Louise Redknapp has been seen as the face of a number of advertising campaigns: the "Safe and White" campaign for Boots, Flora's "Omega 3" products, Boots and BT. She became brand ambassador for Orbit gum in 2007

In 2009, Louise Redknapp filmed a follow-up documentary The Truth About Super Skinny Pregnancies displaying the pressures on women to stay in shape during and after their pregnancies. Later that year in September 2009, Redknapp presented The Farmer Wants a Wife for Five, a relaunch of a series that originally appeared on ITV in 2001. In 2009, Redknapp was also announced as the face of online fashion retailer Fashion Union. The following year in January 2010, Redknapp took over as the full-time presenter of the BBC Sunday morning programme Something for the Weekend for two years.

Redknapp was a judge on the UK version of So You Think You Can Dance, broadcast on BBC One. In 2011, Redknapp made her acting debut alongside Ray Winstone as Diana Smith in the feature film The Hot Potato. Redknapp had a cosmetic range named Wild About Beauty, which she launched with make-up artist Kim Jacob; which she sold in 2017.

On 15 August 2016, Redknapp was announced as a contestant for the fourteenth series of Strictly Come Dancing. She reached the 2016 finals with professional dancer Kevin Clifton. In April 2018, Redknapp made her radio debut, guest-presenting two evening shows on Heart, on Sunday 8 April and Sunday 15 April.
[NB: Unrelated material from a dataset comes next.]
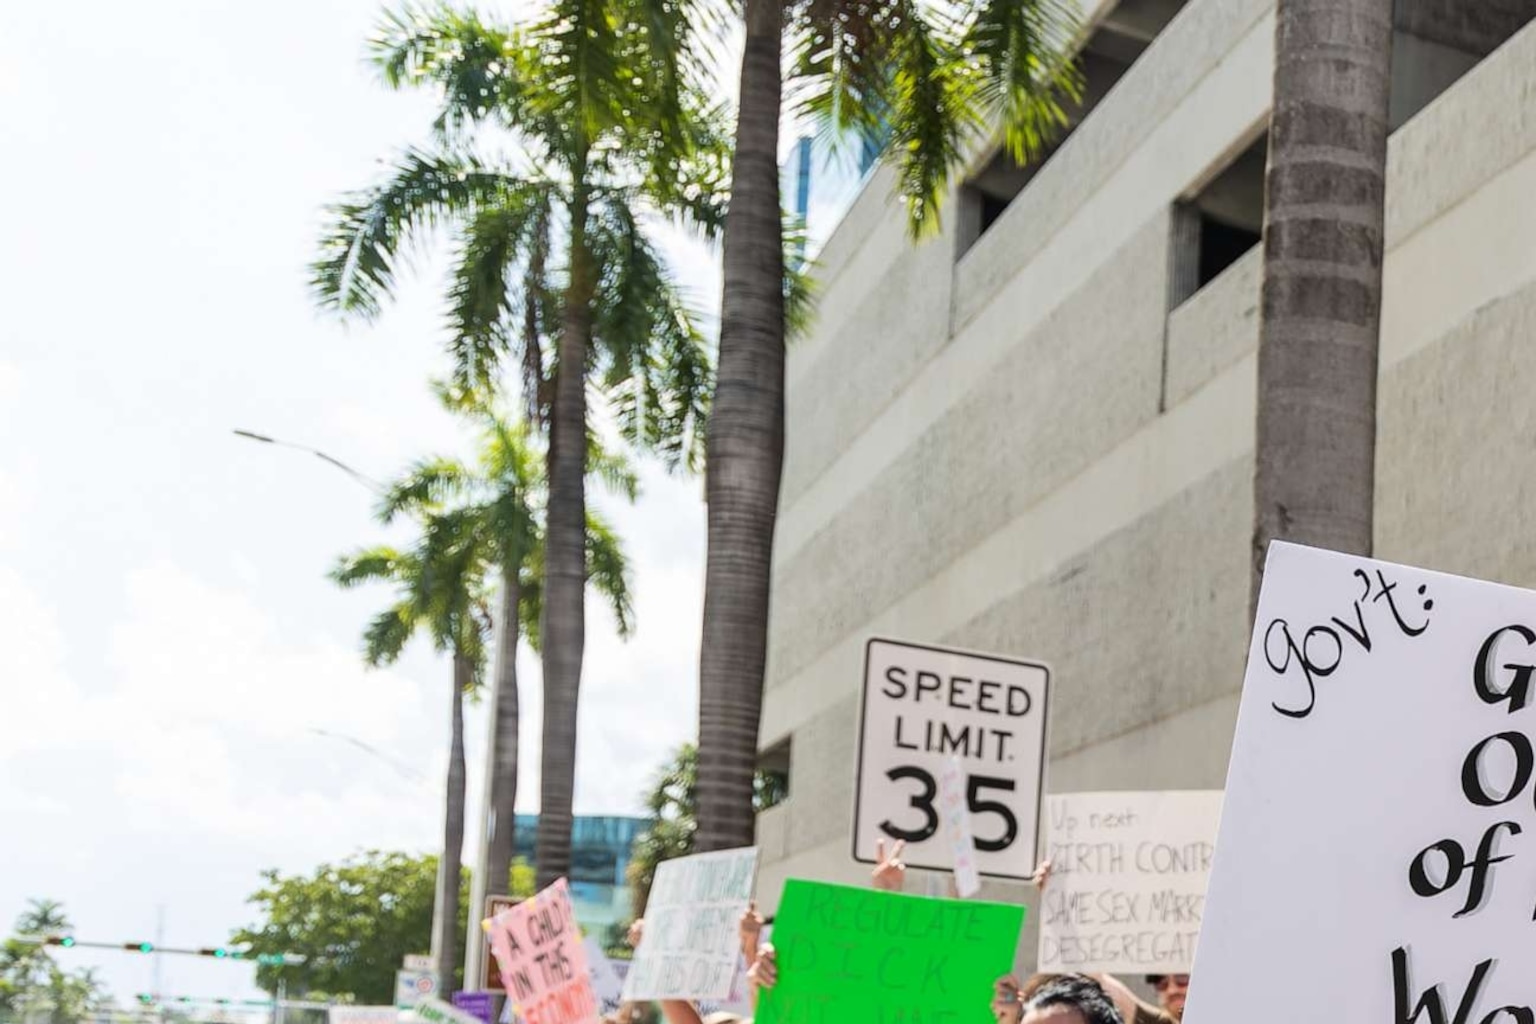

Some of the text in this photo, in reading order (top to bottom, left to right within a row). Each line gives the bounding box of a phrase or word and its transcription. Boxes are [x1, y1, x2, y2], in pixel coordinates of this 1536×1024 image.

In May 2021, Redknapp appeared on The Masked Dancer masked as Flamingo. She was the second celebrity to be unmasked. That same month, Redknapp appeared on the first series of BBC game show I Can See Your Voice, performing "Let's Go Round Again".

==Other endeavours==
In 2003, Redknapp published a magazine called Icon, aimed solely at professional sports stars and celebrities with then-husband Jamie Redknapp and former footballer Tim Sherwood. They later sold the magazine to another publisher.

==Personal life==
Nurding was introduced to football player Jamie Redknapp by singer Robbie Williams in 1995. They married in Bermuda on 29 June 1998, and have two sons. Prior to giving birth to her first son in 2004, Redknapp suffered from endometriosis, and underwent laser surgery treatment for the condition. Following her appearance on Strictly Come Dancing in 2016, the couple confirmed in September 2017, that they had decided to separate. A family court in central London granted a decree nisi for divorce after 19 years of marriage on 29 December 2017.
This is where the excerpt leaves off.